16 October 2009

Should we give up anonymous reviewing?

Has anonymity ever elevated the level of discourse?

A recent blog post describes the toxic effect of anonymous online chatter on a conference:

I felt sorry for the conference organizers, who were obviously reading the BackNoise chatter. They started out the day with enthusiasm, energy and confidence. They visibly sagged as the day wore on, making almost apologetic comments to the audience in between speakers.

It reminded me of famed British anatomist Richard Owen.

Richard Owen with Owen was, by all accounts, a real piece of work. He was undeniably brilliant, tutor to royalty, critical in establishing institutions like the British Museum, but he was also just plain nasty.

Owen wrote a review of On the Origin of Species by Charles Darwin that proves that snarkiness was invented long before the 20th century. Most famously, Owen talked about his own work but feigned objectivity by writing about himself in the third person:

In his last published work Professor Owen does not hesitate to state ‘that perhaps the most important and significant result of palæontological research has been the establishment of the axiom of the continuous operation of the ordained becoming of living things.’

Indeed, Owen’s review has a lot of the sort of backchannel nastiness that prompted Stacy Williams to write the post that started us off. Owen was able to do this because at the time, book reviews were published anonymously, for reasons that sound fine in theory: “The reviewer has to feel absolutely free to say anything.” Eventually, the practice of anonymous scientific book reviews faded for reasons that I haven’t been able to trace.
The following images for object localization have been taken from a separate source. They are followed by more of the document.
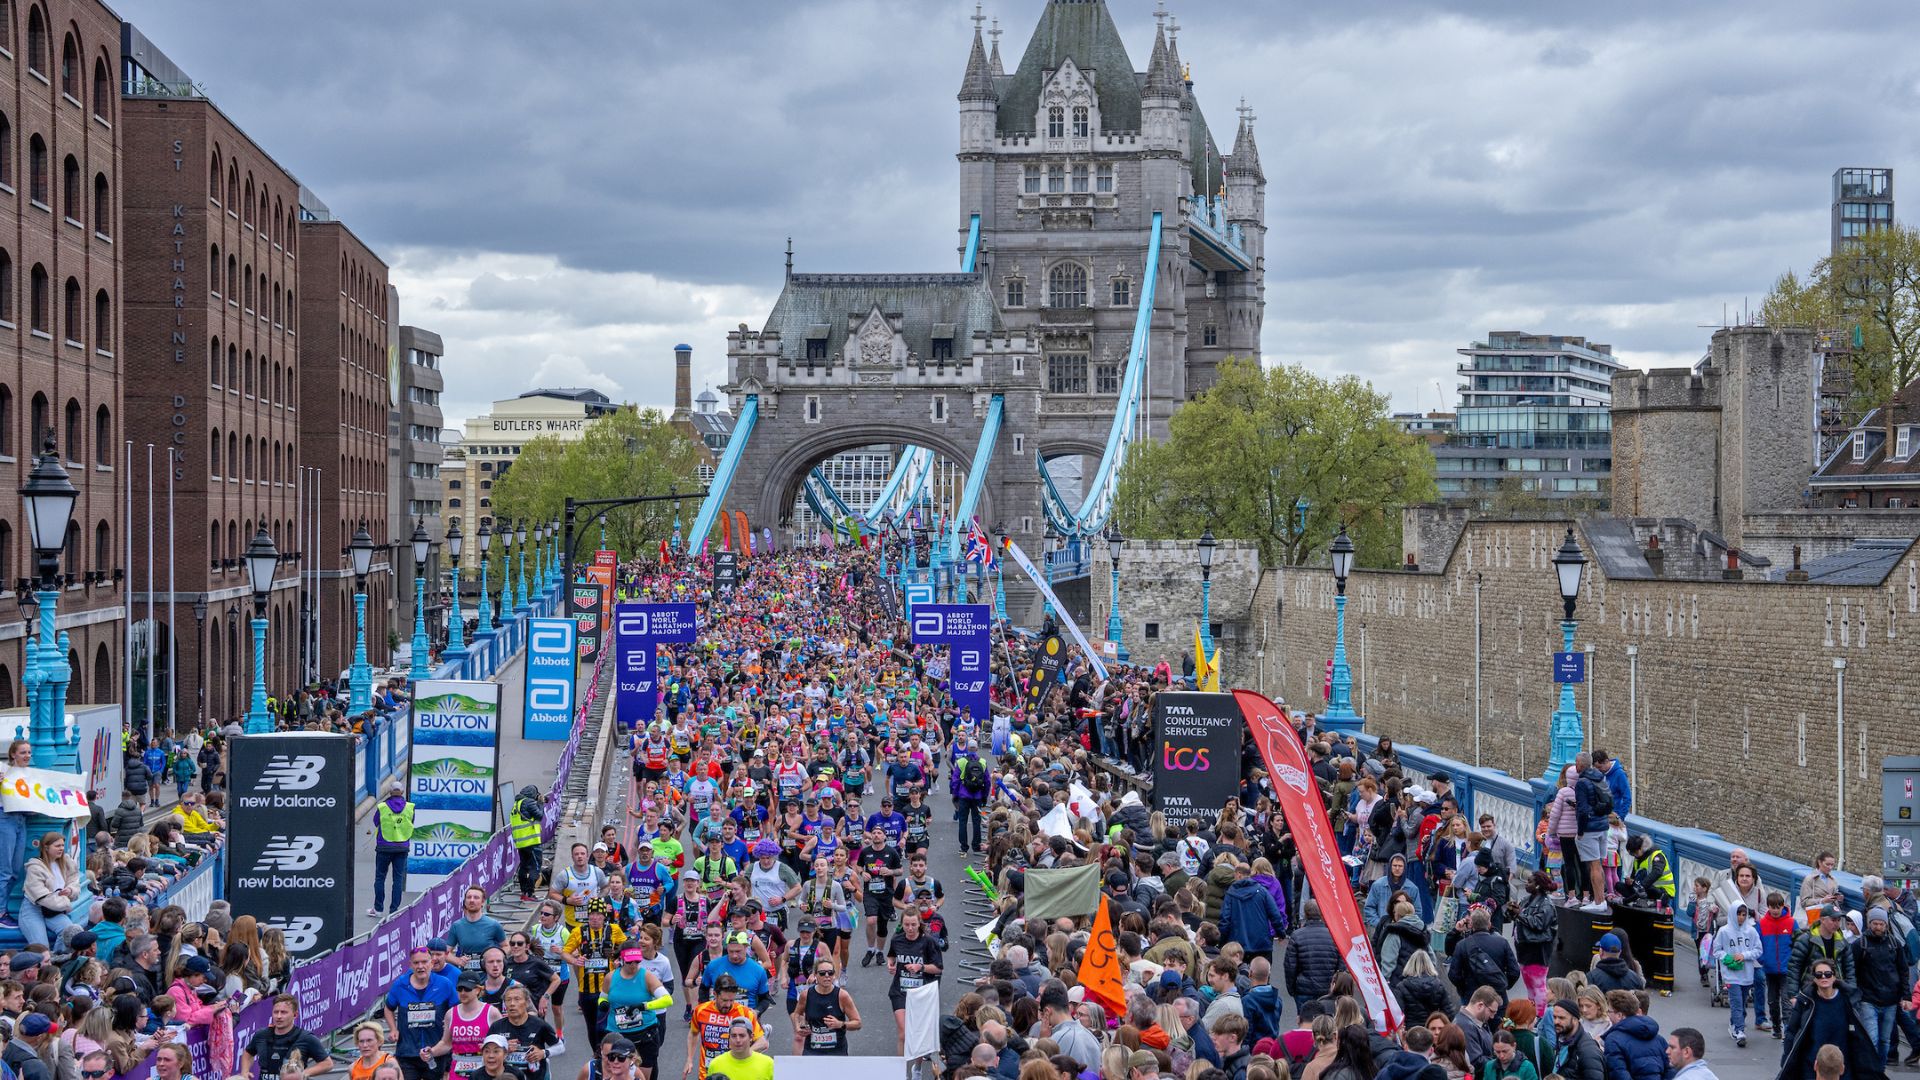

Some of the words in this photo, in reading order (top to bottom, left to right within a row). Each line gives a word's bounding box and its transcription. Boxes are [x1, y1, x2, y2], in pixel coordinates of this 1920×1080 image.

[173, 140, 183, 171] ST
[173, 205, 185, 362] KATHARINE
[172, 395, 186, 480] DOCKS
[533, 656, 571, 666] Abbott
[1041, 655, 1059, 667] Shine
[621, 682, 636, 691] tcs
[954, 681, 969, 691] tcs
[1166, 706, 1195, 715] TATA
[420, 714, 489, 730] BUXTON
[530, 713, 568, 723] Abbott
[1165, 717, 1232, 727] CONSULTANCY
[1164, 727, 1208, 737] SERVICES
[1164, 741, 1210, 772] tcs
[417, 778, 486, 794] BUXTON
[239, 796, 271, 808] new
[274, 794, 336, 808] balance
[1163, 797, 1192, 806] TATA
[238, 876, 269, 889] new
[273, 875, 335, 889] balance
[897, 954, 924, 965] MAYA
[301, 973, 321, 992] ABBOTT
[302, 988, 321, 1005] WORLD
[302, 998, 330, 1020] MARATHON
[709, 1013, 733, 1025] BEN
[452, 1026, 480, 1037] ROSS
[705, 1036, 729, 1044] CANCER
To this day, however, review of technical papers are almost always anonymous to the authors of the article being reviewed. Even journals that argue that they are trying to do science publishing in a new way, like the PLoS family of journals, keep peer review anonymous. The argument is the same as used to be used for book reviews: “The reviewer has to feel absolutely free to say anything.” Stories like Owen’s review and the effect of anonymous and pseudonymous writing on the internet suggests anonymity is more likely to breed invective than constructive criticism.
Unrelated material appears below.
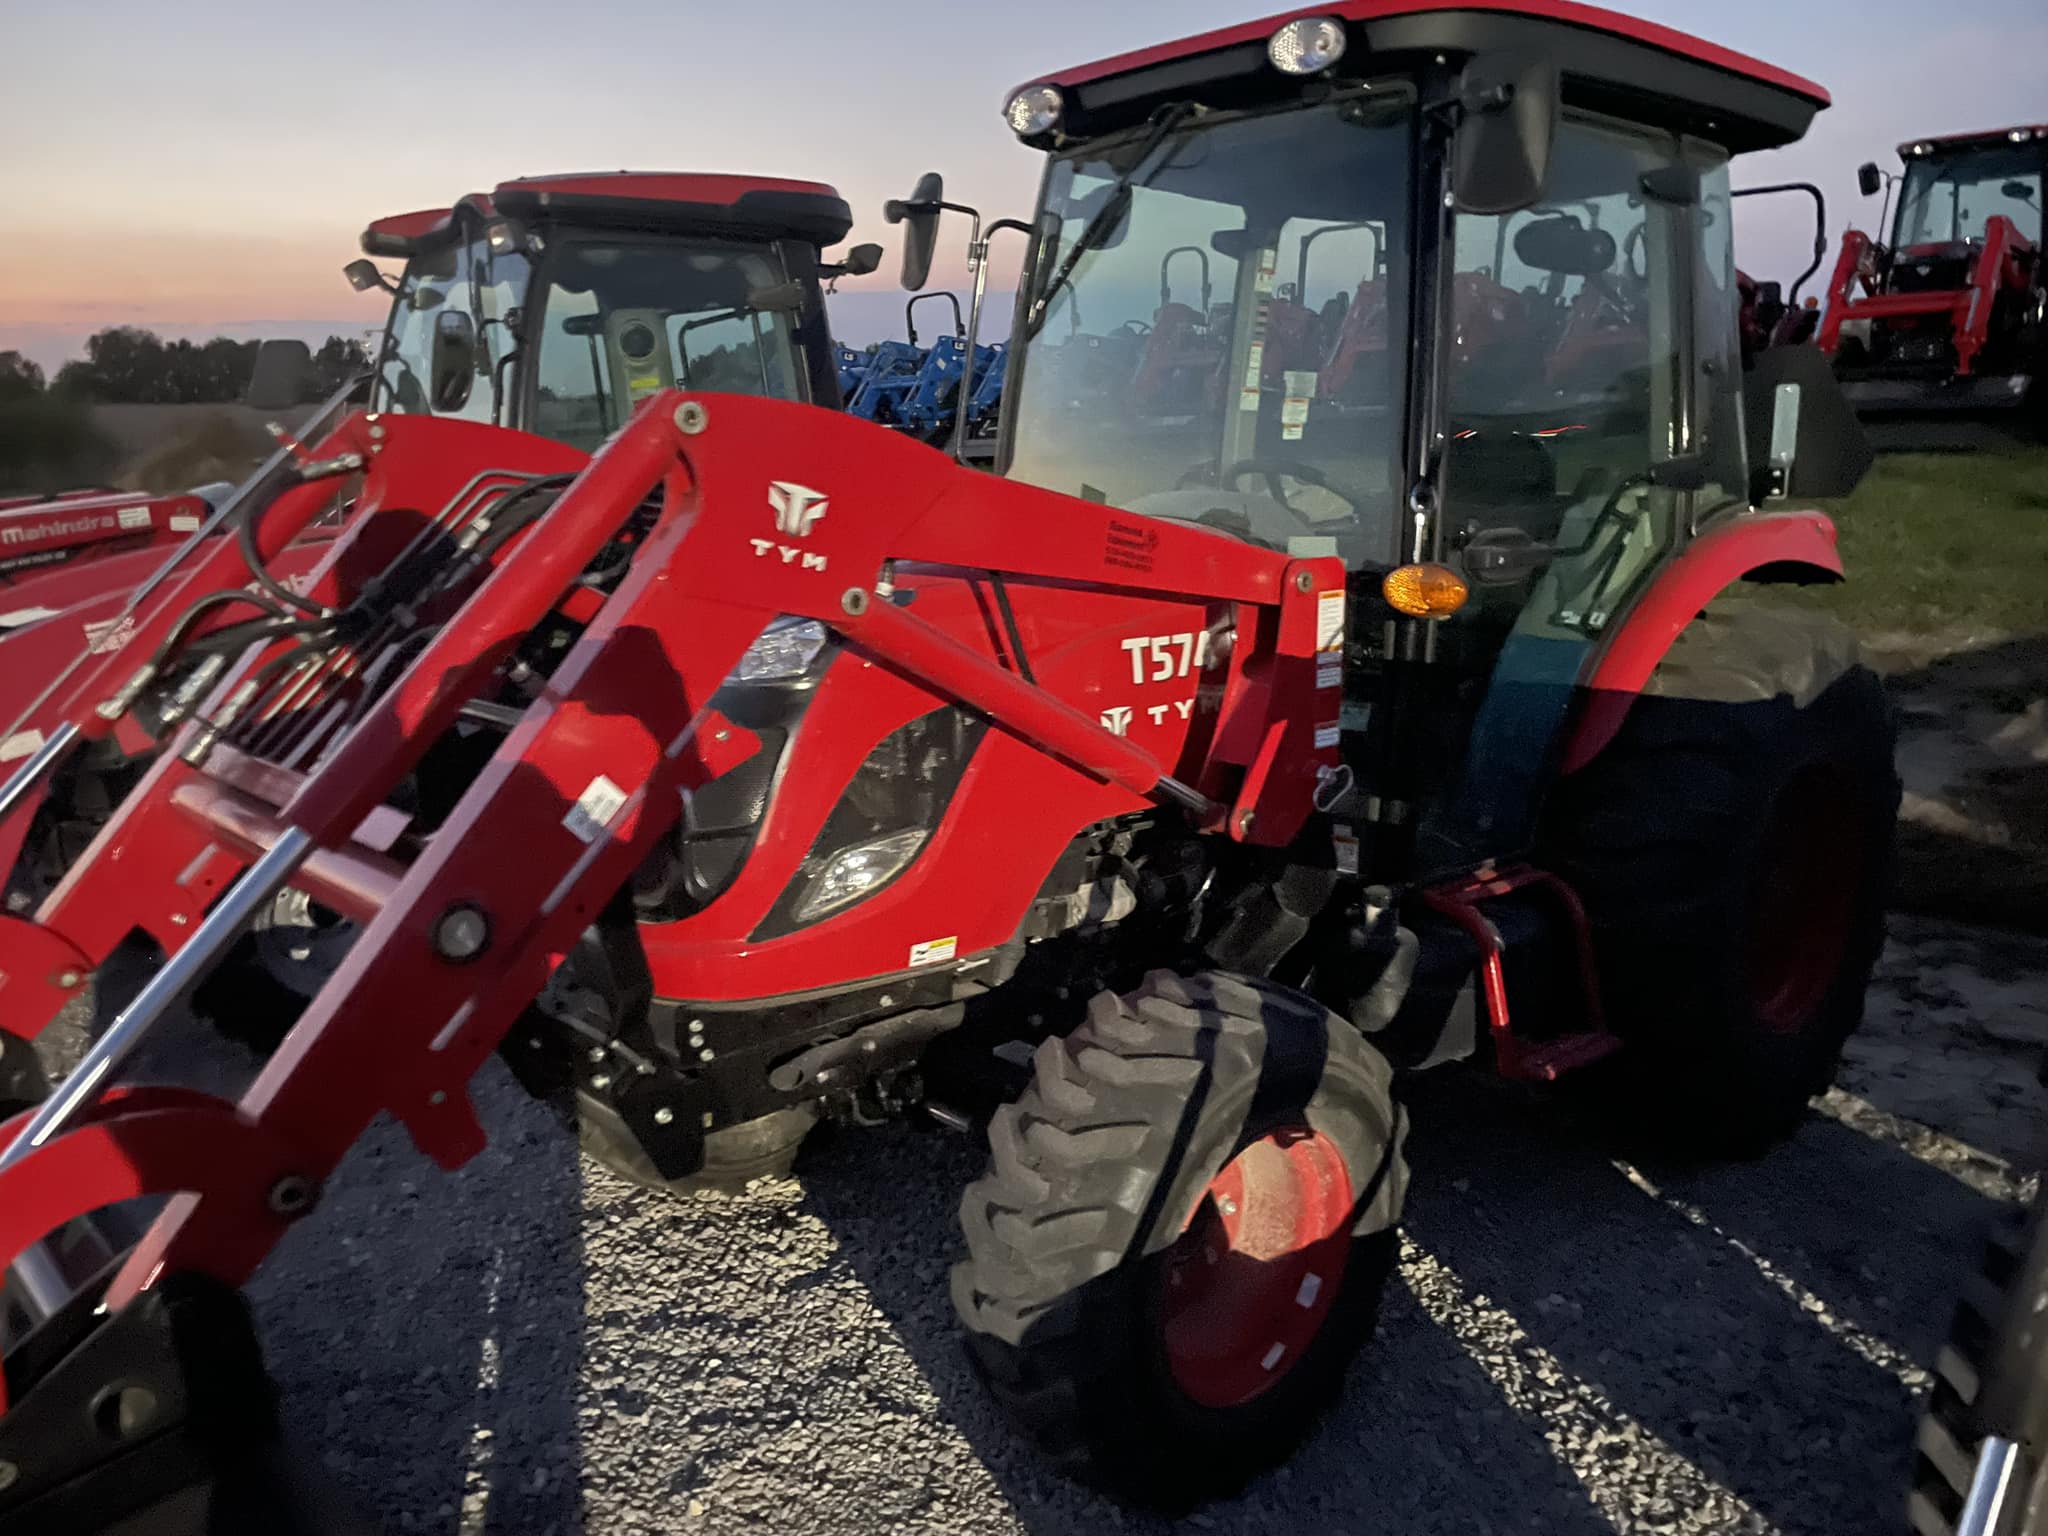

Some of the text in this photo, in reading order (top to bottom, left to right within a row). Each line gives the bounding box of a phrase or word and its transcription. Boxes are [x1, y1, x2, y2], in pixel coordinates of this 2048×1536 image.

Arguments for keeping reviews anonymous include that a slighted author may take some sort of revenge against a negative reviewer. Is there anyone in a research field who is so powerful that they can completely prevent a researcher from publishing in all journals and prevent someone from getting any funding?

The scientific community is no longer a clique of wealthy Victorian gentlemen publishing in a scarce number of journals, where angering the wrong people could block you from publication. If privacy is dead, maybe anonymity should join it.

1 comment:

Anonymous said...

Yes, yes, yes.

Nearly everything I hate about anonymous peer review can be summarised by the phrase "vested interest". Let's please do away with this outmoded and frankly cowardly system.